* _DATA SUPPLIED_:
###

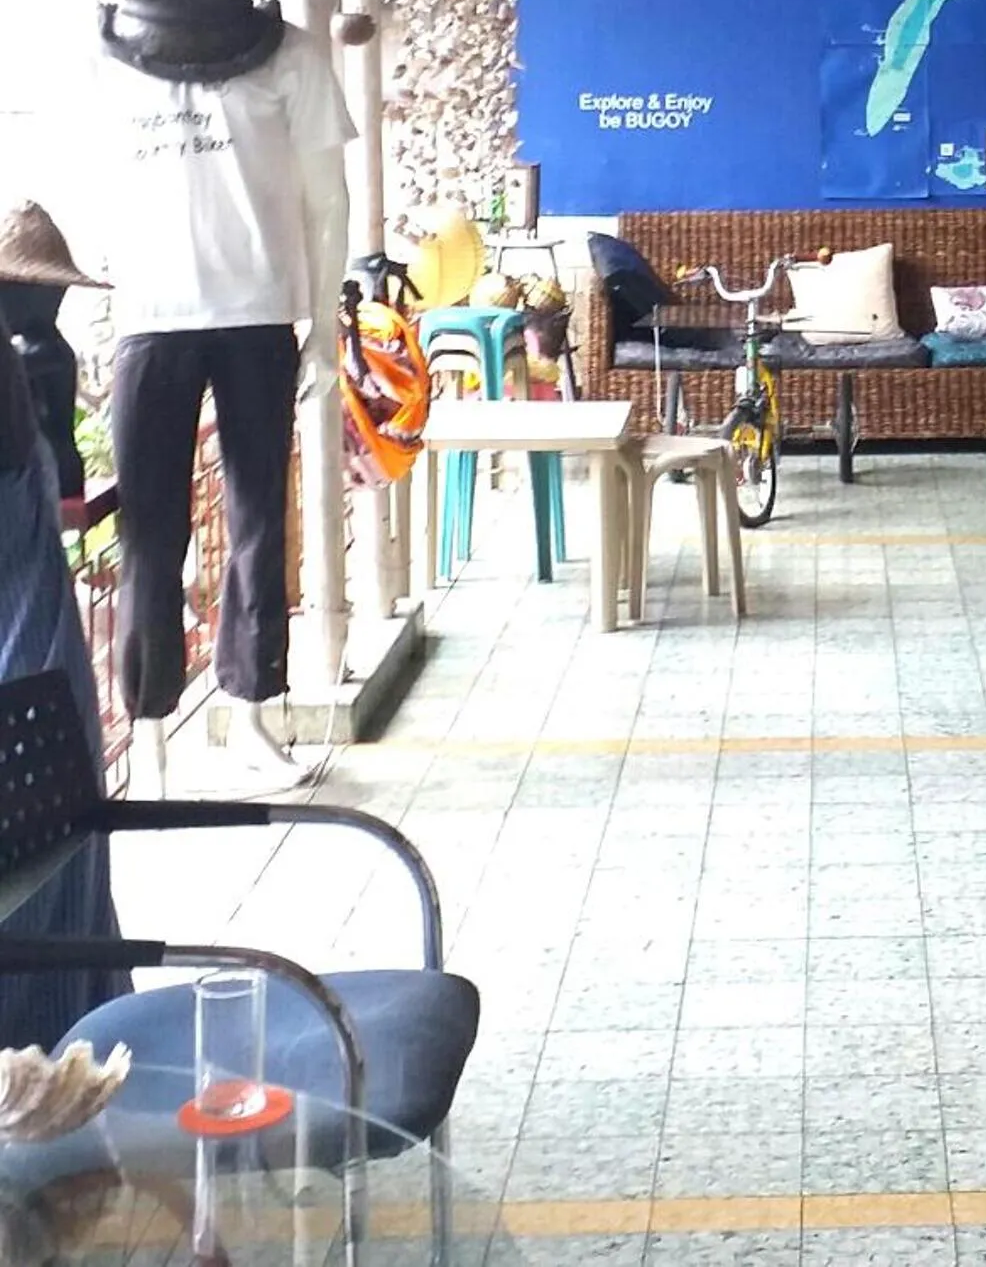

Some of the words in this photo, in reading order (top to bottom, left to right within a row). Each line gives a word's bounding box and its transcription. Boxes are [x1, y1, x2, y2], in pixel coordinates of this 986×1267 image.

[578, 92, 645, 113] Explore
[647, 93, 661, 110] &
[664, 92, 714, 114] Enjoy
[599, 110, 622, 129] be
[625, 111, 693, 129] BUGOY
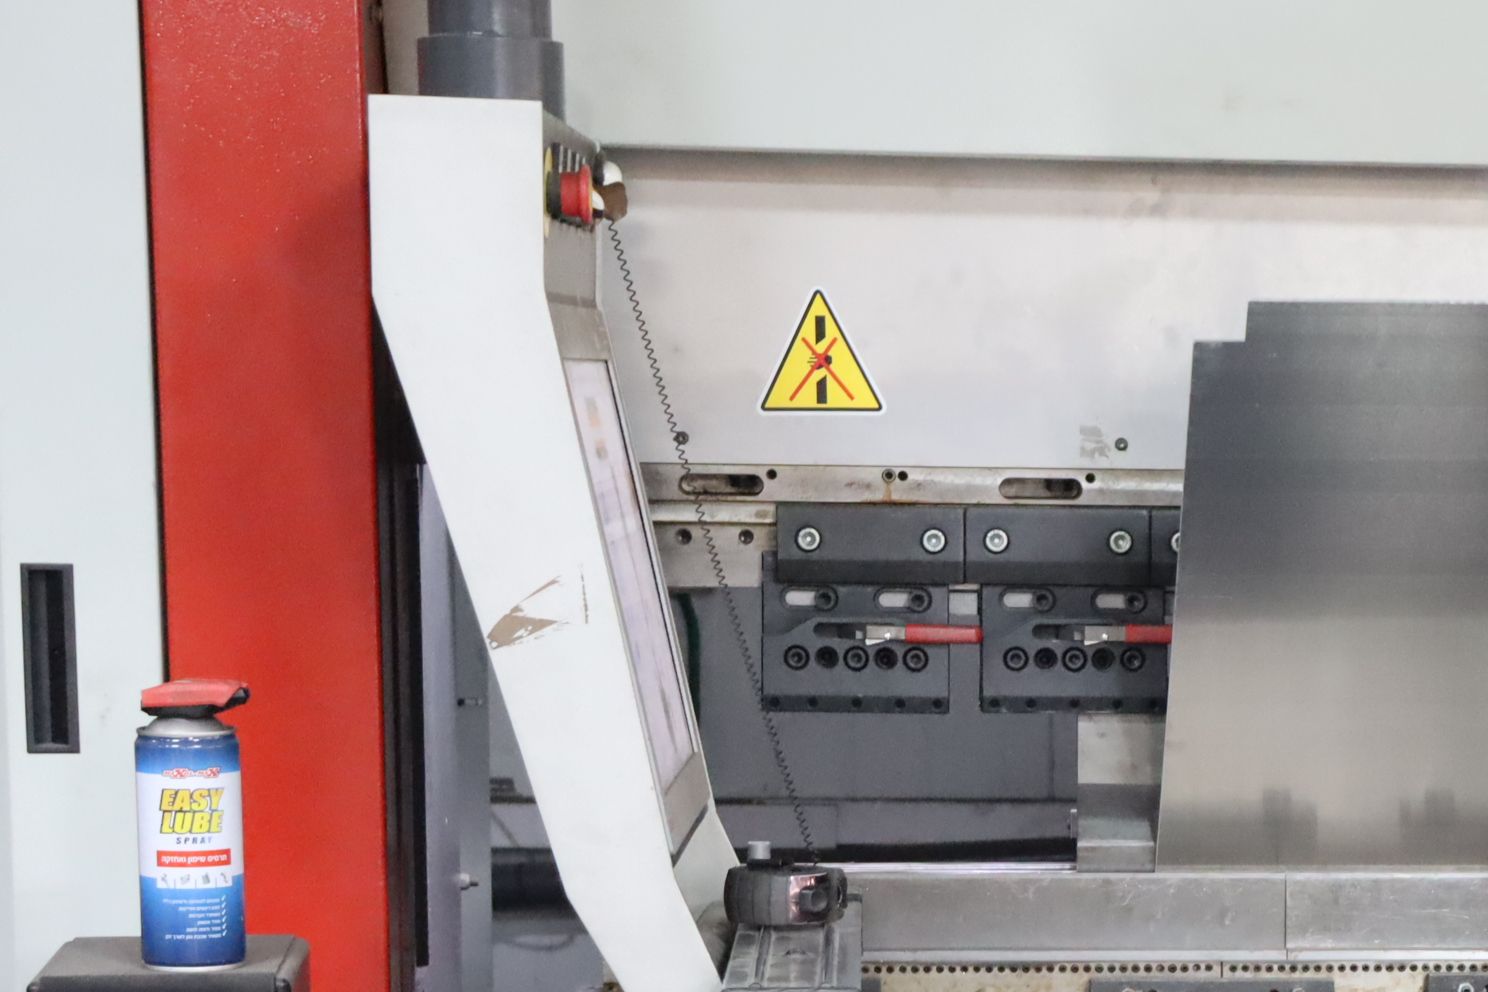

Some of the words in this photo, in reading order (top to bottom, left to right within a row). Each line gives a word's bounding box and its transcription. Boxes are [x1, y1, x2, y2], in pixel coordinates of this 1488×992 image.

[160, 787, 224, 811] EASY
[160, 811, 224, 834] LUBE
[176, 837, 212, 845] SPRAY

###

* _TASK ITEM_:
Exactly as written, print each entry, leaving all pictures out.

* _ANSWER SECTION_:
Some of the words in this photo, in reading order (top to bottom, left to right within a row). Each line gives a word's bounding box and its transcription. Boxes are [x1, y1, x2, y2], in pixel coordinates of this 986×1267 image.

[578, 92, 645, 113] Explore
[647, 93, 661, 110] &
[664, 92, 714, 114] Enjoy
[599, 110, 622, 129] be
[625, 111, 693, 129] BUGOY

Some of the words in this photo, in reading order (top to bottom, left to right within a row). Each line gives a word's bounding box and its transcription. Boxes are [x1, y1, x2, y2], in pixel coordinates of this 1488×992 image.

[160, 787, 224, 811] EASY
[160, 811, 224, 834] LUBE
[176, 837, 212, 845] SPRAY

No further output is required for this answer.